Your instructions =
Your copy of the data should match it exactly, leaving out only the pictures.

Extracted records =
=== Begin Enclosure ===

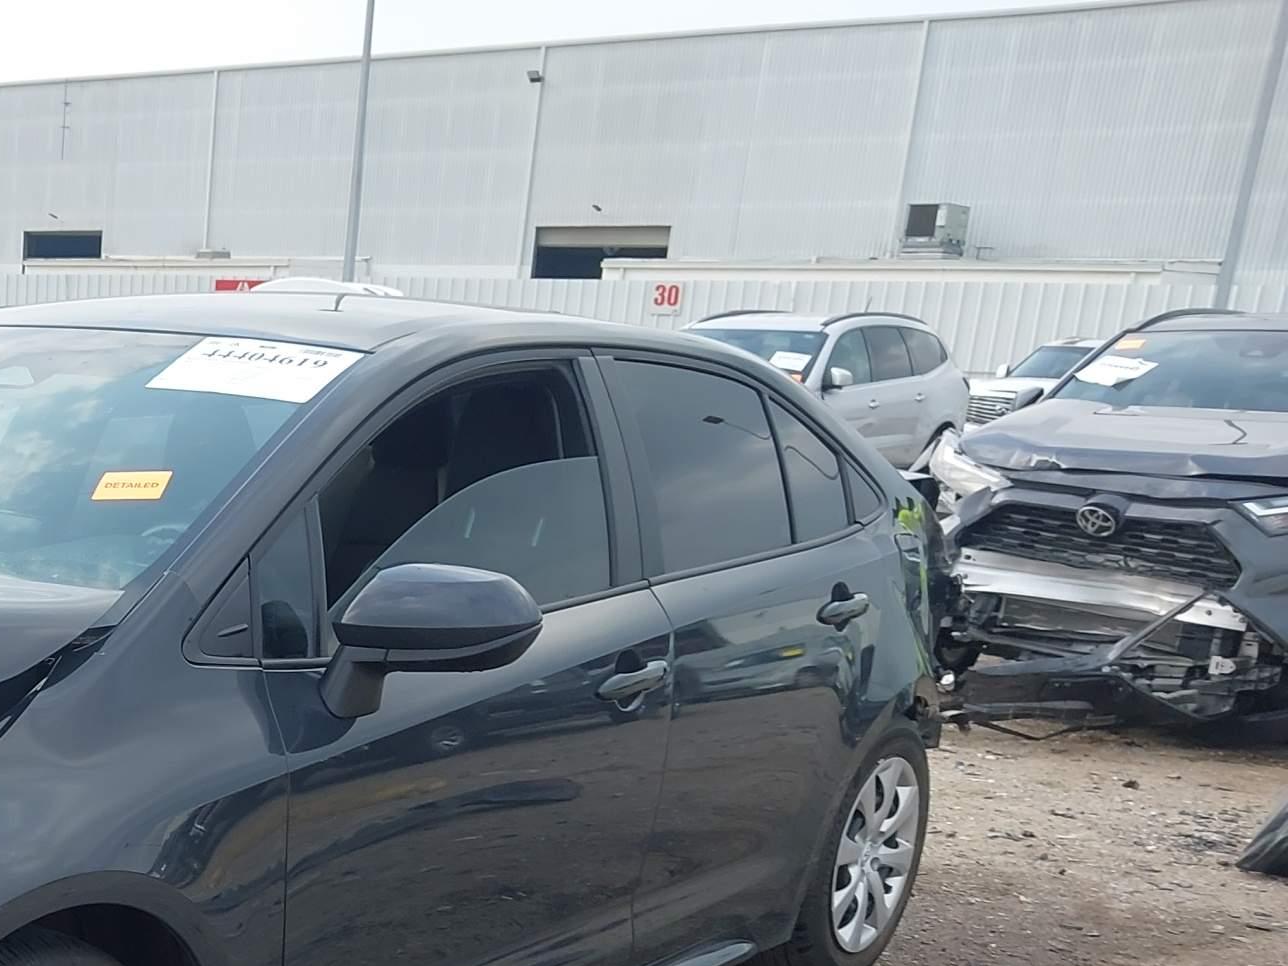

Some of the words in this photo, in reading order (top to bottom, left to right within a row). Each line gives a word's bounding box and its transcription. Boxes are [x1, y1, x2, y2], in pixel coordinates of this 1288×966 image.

[654, 284, 679, 306] 30
[201, 349, 328, 369] 44404619
[104, 481, 160, 489] DETAILED
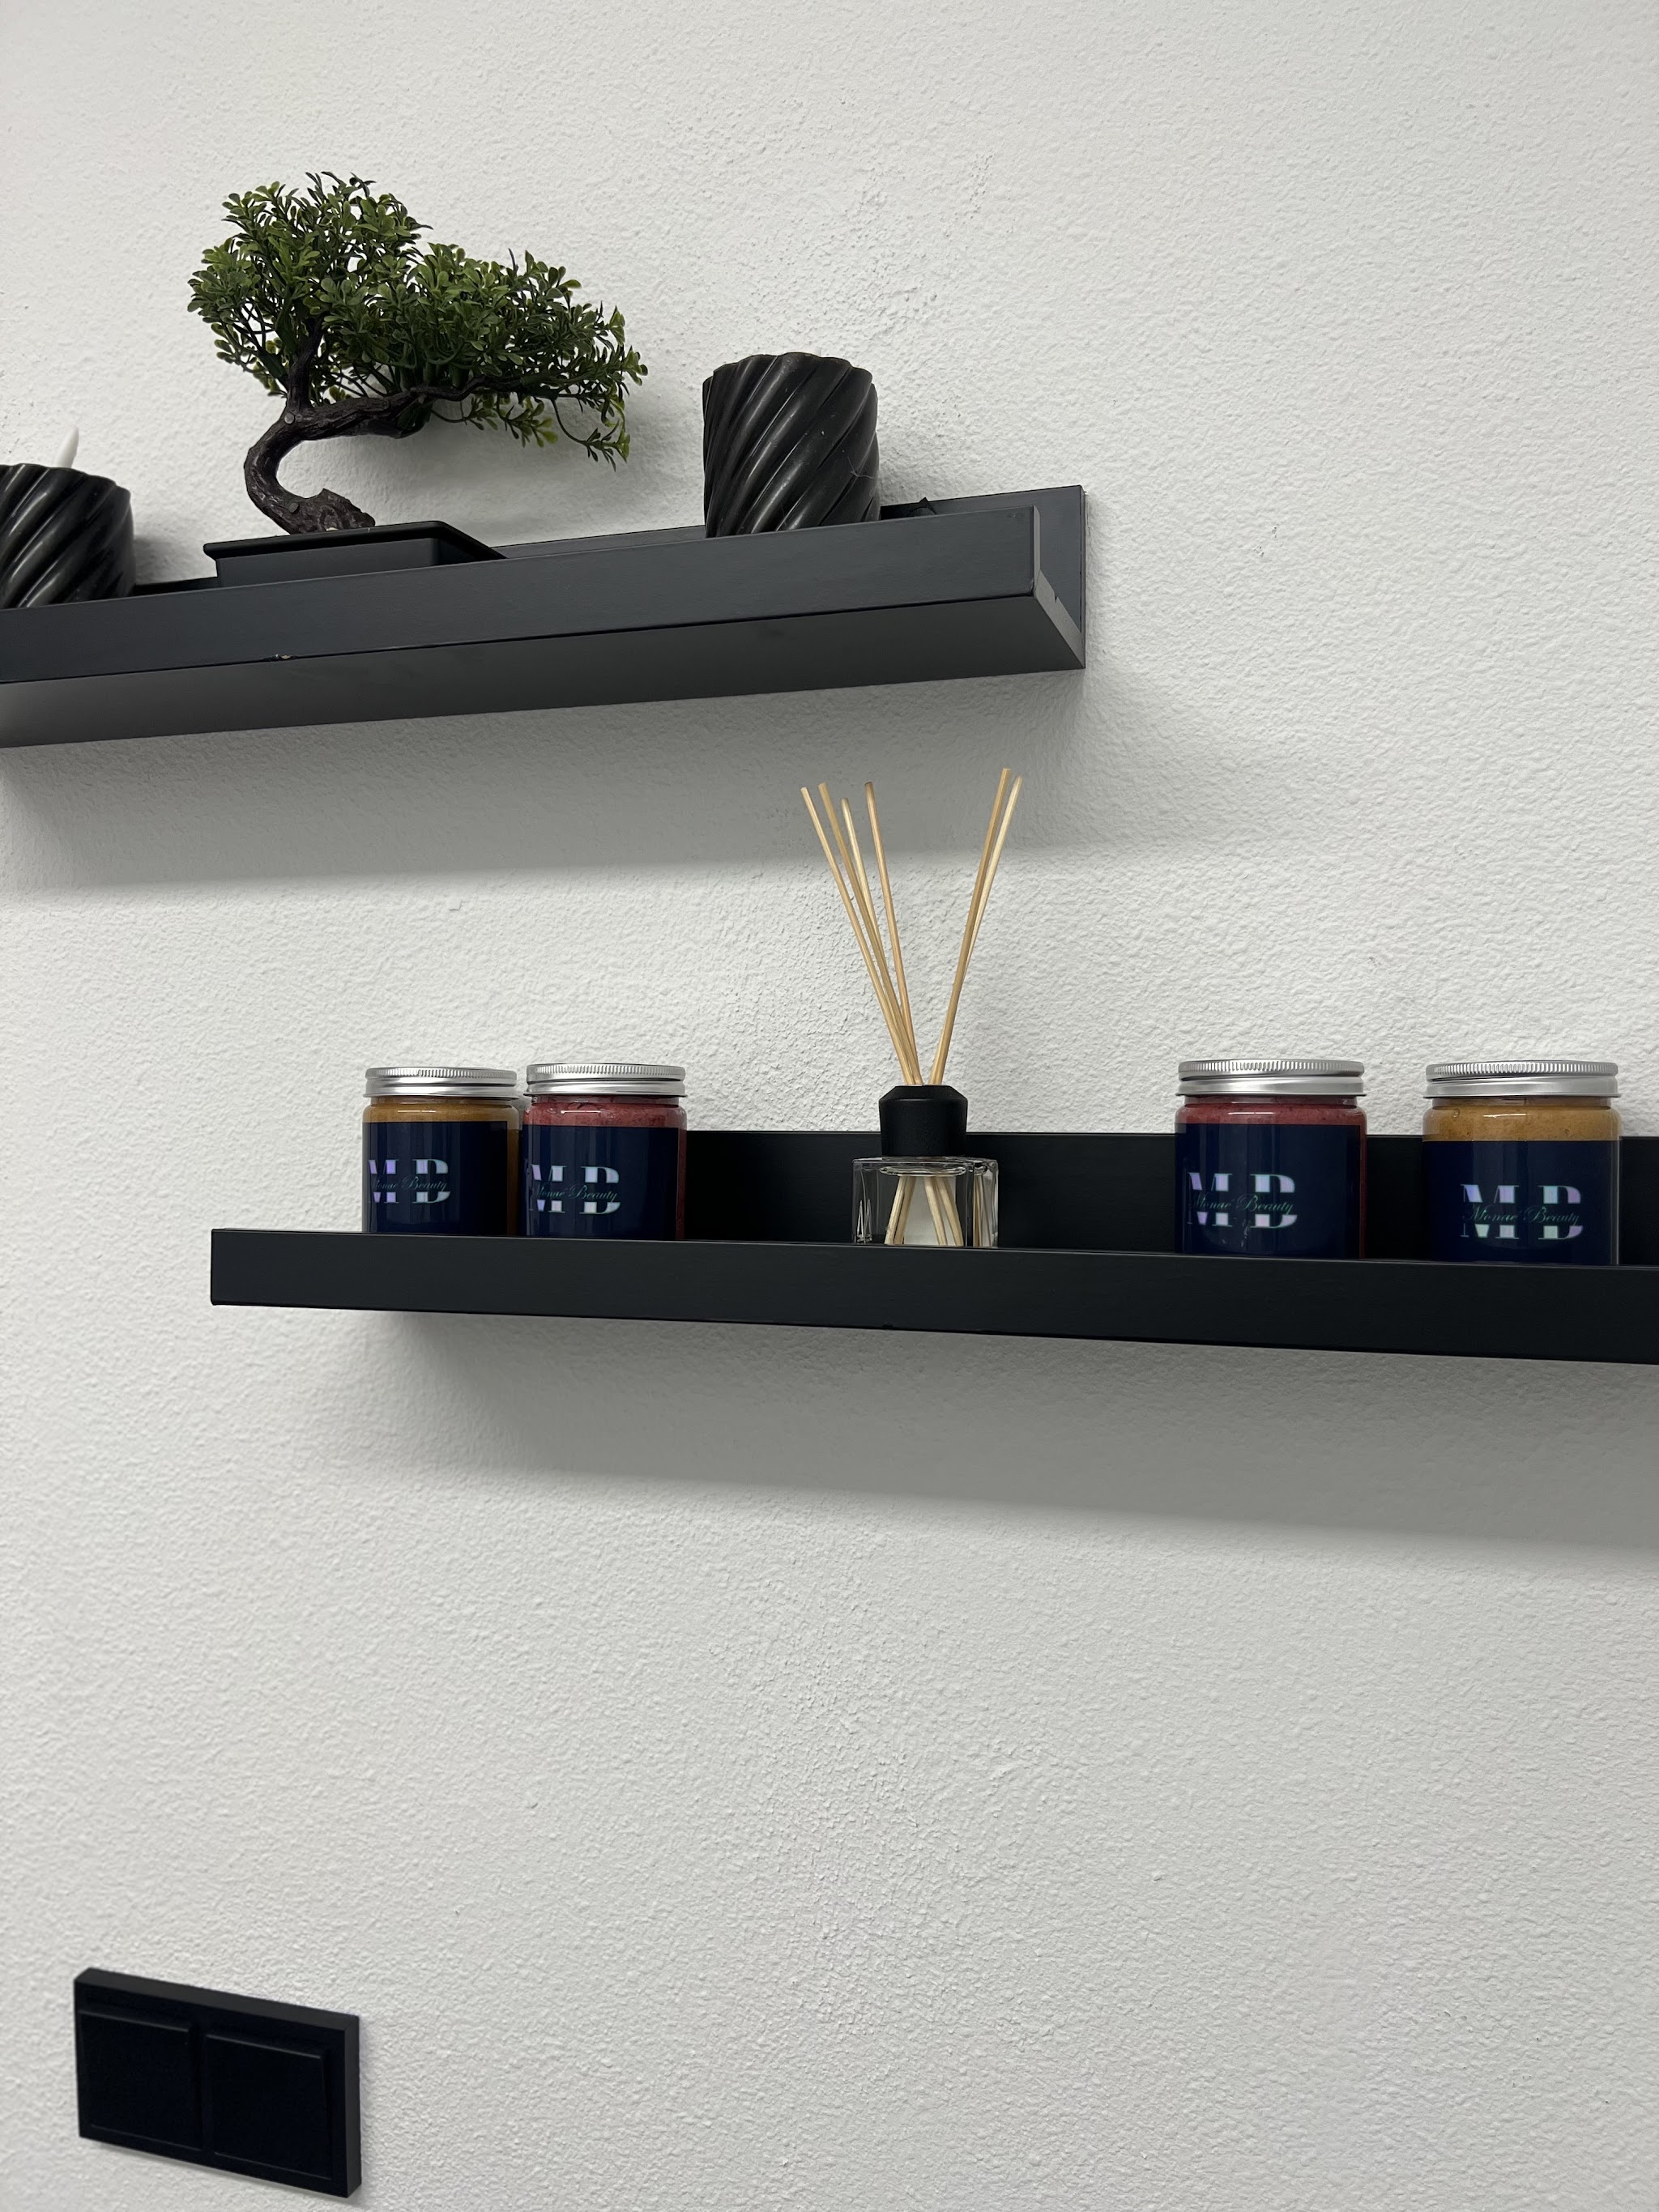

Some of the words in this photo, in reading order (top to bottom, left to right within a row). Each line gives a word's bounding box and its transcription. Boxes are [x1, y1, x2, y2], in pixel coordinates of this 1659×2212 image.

[401, 1174, 447, 1192] Beauty
[568, 1183, 617, 1204] Beauty
[1236, 1193, 1294, 1215] Beauty
[1523, 1204, 1580, 1226] Beauty

=== End Enclosure ===

Answer space =
Some of the words in this photo, in reading order (top to bottom, left to right within a row). Each line gives a word's bounding box and its transcription. Boxes are [x1, y1, x2, y2], in pixel coordinates of this 1288×966 image.

[654, 284, 679, 306] 30
[201, 349, 328, 369] 44404619
[104, 481, 160, 489] DETAILED

Some of the words in this photo, in reading order (top to bottom, left to right within a row). Each line gives a word's bounding box and its transcription. Boxes are [x1, y1, x2, y2], in pixel coordinates of this 1659×2212 image.

[401, 1174, 447, 1192] Beauty
[568, 1183, 617, 1204] Beauty
[1236, 1193, 1294, 1215] Beauty
[1523, 1204, 1580, 1226] Beauty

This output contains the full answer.